🤖 AI Summary
This work addresses statistical inference under covariate shift in the presence of missing data and causal inference settings by proposing a Wasserstein distance minimization framework that avoids explicit modeling of regression functions or importance weights. Under the assumption of invariance of the conditional response distribution, the resulting W-estimator admits a closed-form solution and is shown to be numerically equivalent to the 1-nearest neighbor estimator, thereby offering a novel optimal transport interpretation of nearest neighbor methods. Theoretical analysis reveals its non-asymptotic linearity, demonstrates super-efficiency beyond the semiparametric efficiency bound under certain conditions, and establishes asymptotic normality with root-n convergence.
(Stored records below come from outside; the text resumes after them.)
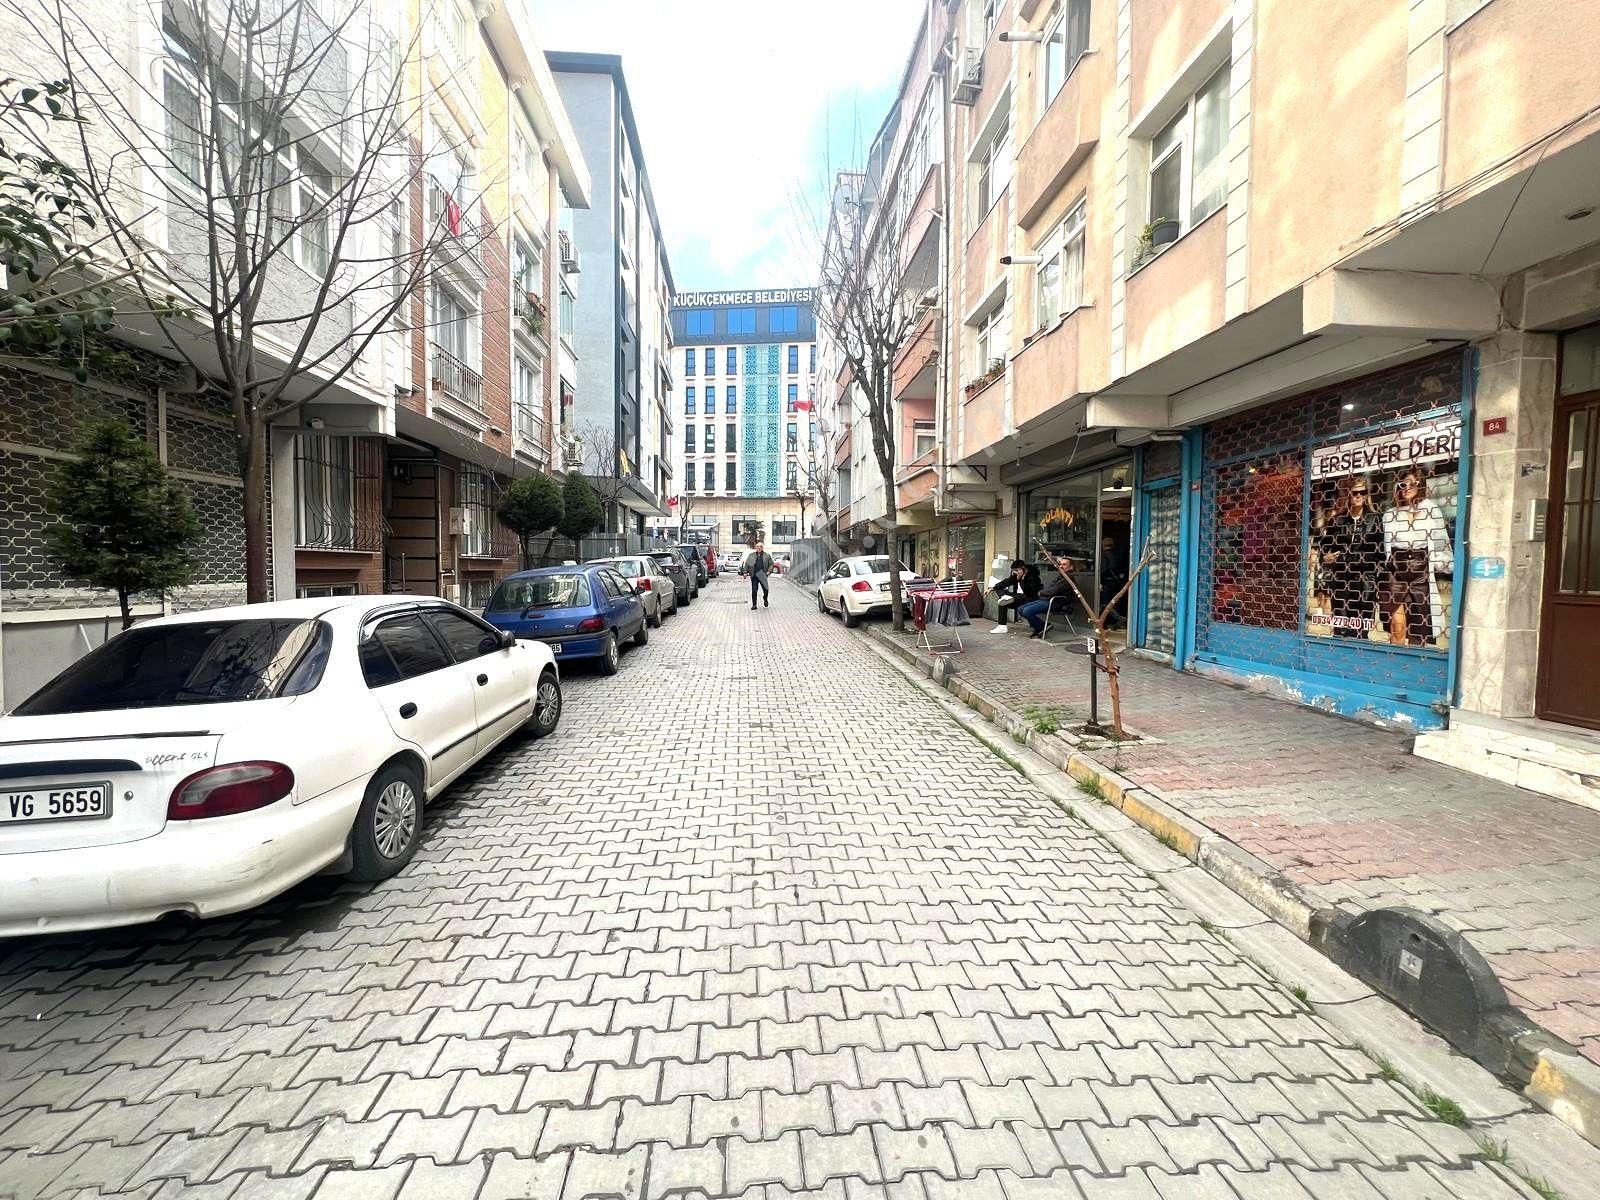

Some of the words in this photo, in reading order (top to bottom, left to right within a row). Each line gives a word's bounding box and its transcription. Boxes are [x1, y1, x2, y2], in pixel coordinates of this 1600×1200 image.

[673, 290, 753, 307] KÜÇÜKÇEKMECE
[1488, 421, 1501, 431] 84
[1319, 443, 1401, 473] ERSEVER
[9, 794, 34, 818] VG
[49, 790, 102, 815] 5659
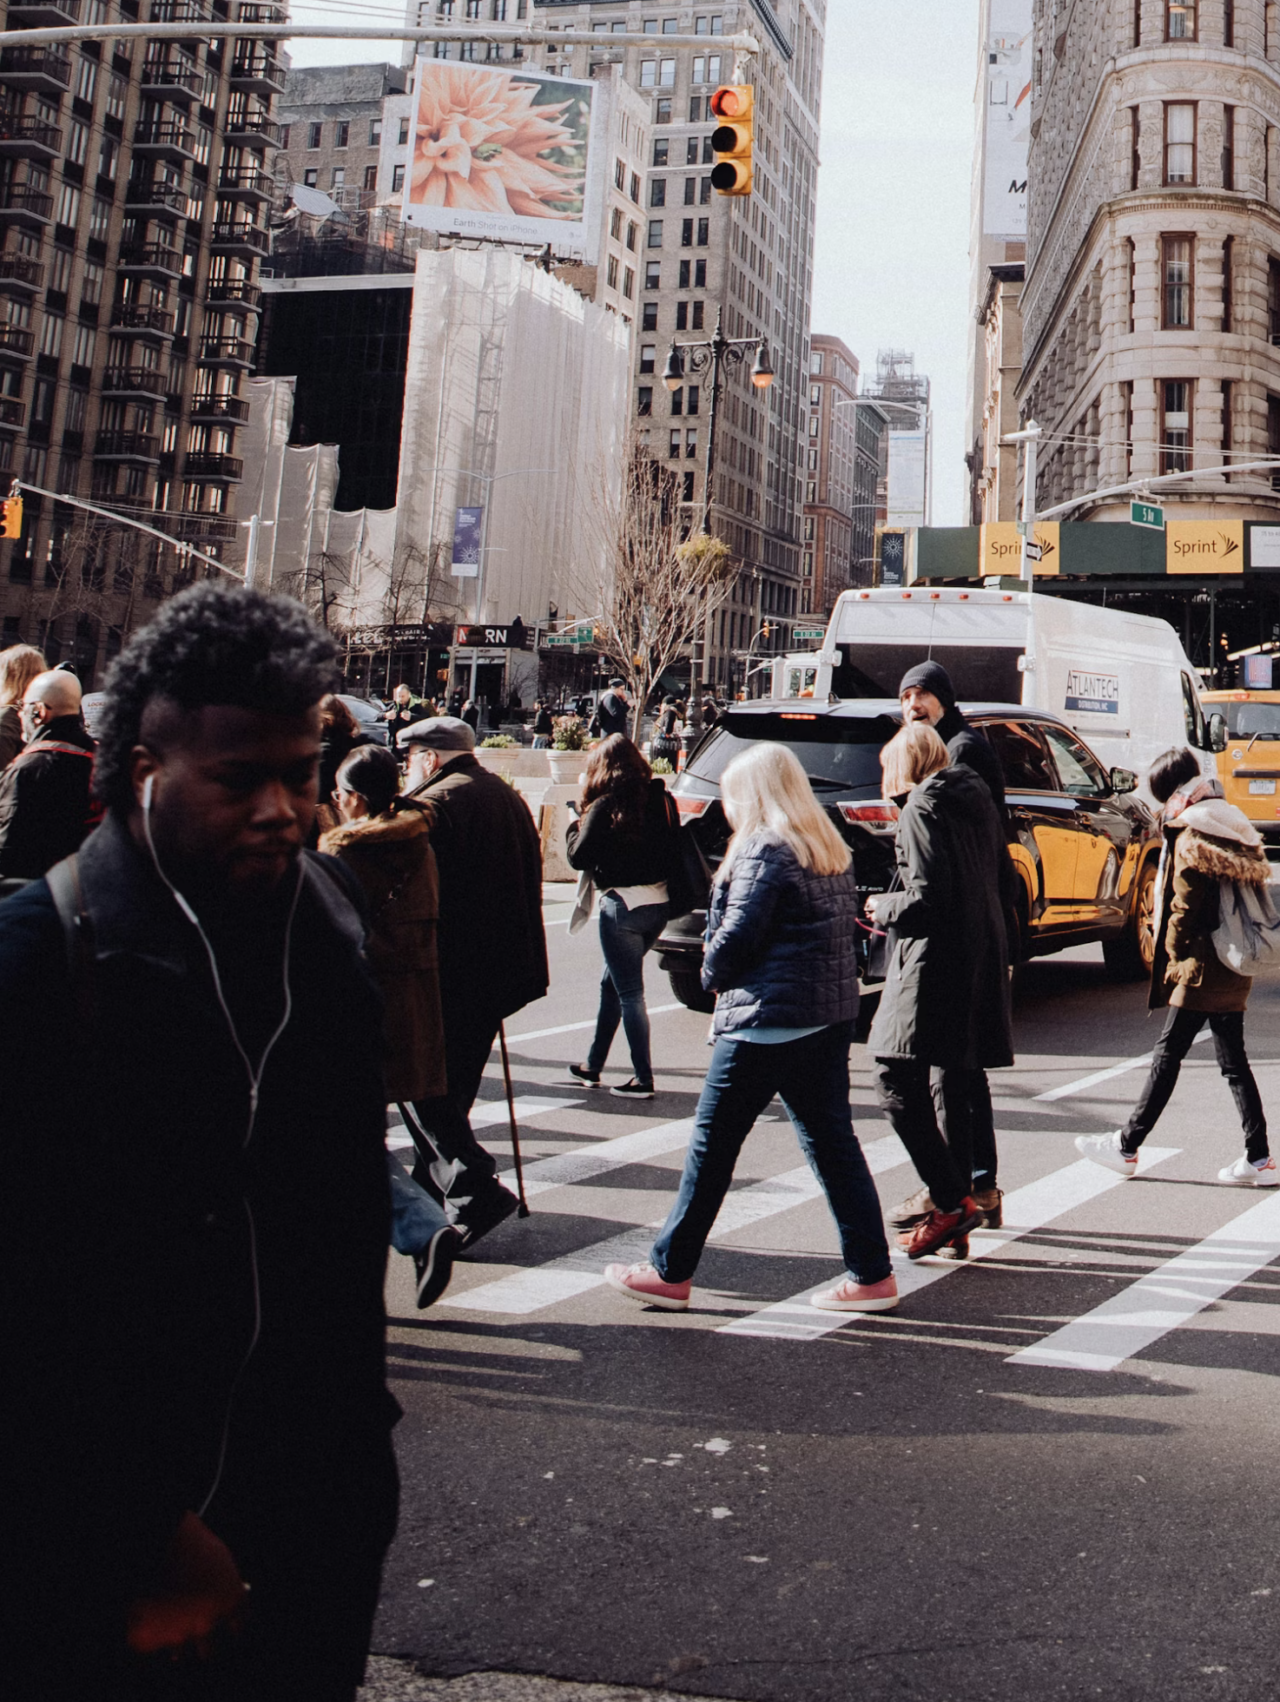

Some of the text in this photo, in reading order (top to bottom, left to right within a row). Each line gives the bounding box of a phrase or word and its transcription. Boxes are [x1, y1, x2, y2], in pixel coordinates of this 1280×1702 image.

[453, 218, 476, 228] Earth
[477, 221, 497, 231] Shot
[510, 224, 538, 235] iPhone
[1142, 507, 1155, 522] 5 Av
[991, 541, 1022, 558] Spri
[1173, 539, 1217, 557] Sprint
[1066, 669, 1119, 699] ATLANTECH
Numerical experiments and empirical validation on rainfall data confirm the superior performance of the proposed approach.
📝 Abstract
Covariate shift arises when covariate distributions differ between source and target populations while the conditional distribution of the response remains invariant, and it underlies problems in missing data and causal inference. We propose a minimum Wasserstein distance estimation framework for inference under covariate shift that avoids explicit modeling of outcome regressions or importance weights. The resulting W-estimator admits a closed-form expression and is numerically equivalent to the classical 1-nearest neighbor estimator, yielding a new optimal transport interpretation of nearest neighbor methods. We establish root-$n$ asymptotic normality and show that the estimator is not asymptotically linear, leading to super-efficiency relative to the semiparametric efficient estimator under covariate shift in certain regimes, and uniformly in missing data problems. Numerical simulations, along with an analysis of a rainfall dataset, underscore the exceptional performance of our W-estimator.